Unfortunately, the current payer system limits the types of active and intensive treatments that would be most useful for adolescents in a suicidal crisis. Many adolescents feel like they are in a bubble while they are hospitalized, and the treatment they receive on the unit often does not help prepare them to get themselves safely back to reality. We are missing crucial opportunities to help psychiatrically hospitalized adolescents learn to cope with prospective stressful situations that may be associated with the presence of suicide-related thoughts and behaviors when they return home, causing many to reattempt or to be readmitted to the hospital in impending weeks. In fact, we do not even know what safety planning protocol is best practice with suicidal adolescents returning home from the hospital since none have been tested for effectiveness in a clinical trial. Although safety planning has been rolled out routinely in clinical trials (e.g., TORDIA, Asarnow et al., 2011), it has not been tested for effectiveness in preventing repeat suicide-related behaviors on its own. As of now, we are not clear on what the critical components of safety planning with suicidal adolescents and families actually are. More research is needed to determine the active ingredients of an effective safety plan, and voices of lived experience (i.e., the suicidal adolescent and parents) must play a role in their development (National Action Alliance for Suicide Prevention, 2014).

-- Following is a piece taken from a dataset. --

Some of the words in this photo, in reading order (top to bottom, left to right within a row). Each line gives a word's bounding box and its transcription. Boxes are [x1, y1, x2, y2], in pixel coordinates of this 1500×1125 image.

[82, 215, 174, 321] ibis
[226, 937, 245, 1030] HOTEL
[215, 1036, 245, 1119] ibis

There must be a continuity of care post-discharge from Emergency Departments and inpatient psychiatric units (Knesper, 2010). Unfortunately this will likely not occur until there are better payer rates for managing acutely suicidal adolescents. There do appear to be low cost options to maintain continuity of care. For instance, technological interventions, such as web-based, text-based, or smartphone application modalities, should be developed and tested as a standard of care at time of discharge for suicidal adolescents, and possibly as booster sessions in to be implemented in the weeks following discharge. Such interventions are suitable for adolescents and have the potential to be equally or more cost-effective than in-person interventions, in part because the likelihood of treatment adherence may be higher with technology modalities because of easy access for adolescents. Therefore, additional research and development in this area are necessary (Reyes-Portillo et al., 2014).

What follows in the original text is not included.